The pandemic-era loan QT unwound: -€1.58 trillion
The ECB has always handled QE via loans – various generations of Longer-Term Refinancing Operations – including during the Financial Crisis and the “whatever it takes” moment of the Euro Debt Crisis in 2012.
During the pandemic, the ECB further expanded these lending operations, called them Targeted Longer-Term Refinancing Operations (TLTRO III), and endowed them with complex incentives for banks. Banks took them and ran with them, to plow this money into whatever. These pandemic-era TLTRO III loans amounted to €1.6 trillion at the peak, which came on top of the still outstanding prior loans, to total at the peak €2.2 trillion.
The loans have dates at which they can be paid back. After the ECB made the loan terms unattractive last October, banks began to pay back those loans. On today’s balance sheet, which is as of June 30, banks paid back another €485 billion in loans, bringing the total reduction of loans to €1.58 trillion so far, with only €617 billion in loans outstanding.

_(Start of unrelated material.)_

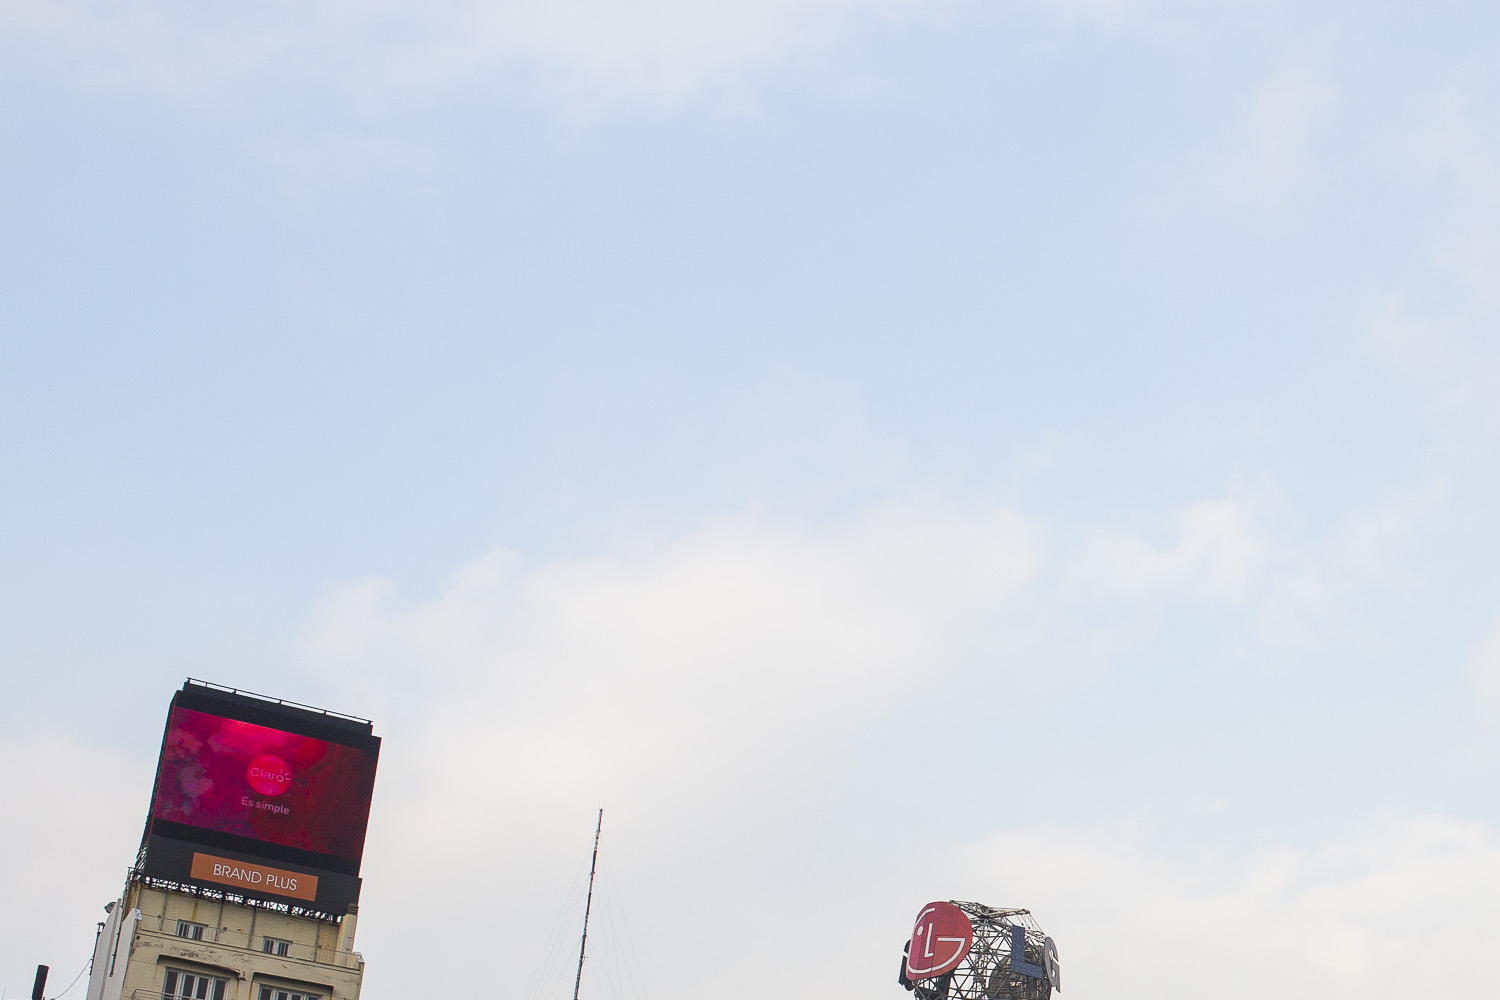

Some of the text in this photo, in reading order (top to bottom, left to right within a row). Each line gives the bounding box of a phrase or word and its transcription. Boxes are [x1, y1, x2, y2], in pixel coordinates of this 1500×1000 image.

The ECB has now unwound the entire pandemic-era loan pileup and is back at the level where the loan balance was before the pandemic:
Bond QT faster than announced: -€105 billion
The ECB announced in December that it would let some of its bond holdings roll off, starting in March. It had bought bonds under two programs: APP (asset purchase programme), starting in 2014; and PEPP (pandemic emergency purchase programme), which started in March 2020.
The current roll-off concerns the APP bonds. It said it will maintain its PEPP bond holdings for now.
The APP roll-off was initially capped at €15 billion a month when it started in March through June. At the June meeting, it said that in July it would remove the €15 billion cap from the roll-off of the APP bonds and just let them roll off as they mature.
On the balance sheet released today, as of June 30, the balance of bond holdings was down by €105 billion from the peak a year ago.
The roll-off is proceeding faster than the €15 billion a month pace: Over the past four weeks, its bond holdings fell by €22 billion. Over the four months of bond QT since the beginning of March, its bond holdings fell by €84 billion, averaging €21 billion a month.
The ECB has hiked its policy rates by 4 percentage points in 12 months, bringing its Deposit Rate from -0.5% to +3.5%, the highest since 2003. More hikes are on the table:
Spooked by inflation in services…
ECB president Christine Lagarde keeps hammering on inflation in services which continues to get worse relentlessly, though energy prices have plunged, red-hot food inflation has started to back off, inflation in goods has moderated, and the overall CPI for the Eurozone has cooled from 10% early this year to 5.5% in June.
But consumers spend the majority of their money on services, and the Eurozone CPI for services in June spiked to 5.4%. In services, inflation is hard to stamp out. This relentless inflation in services explains the continued rate hikes and the large-scale balance sheet reduction.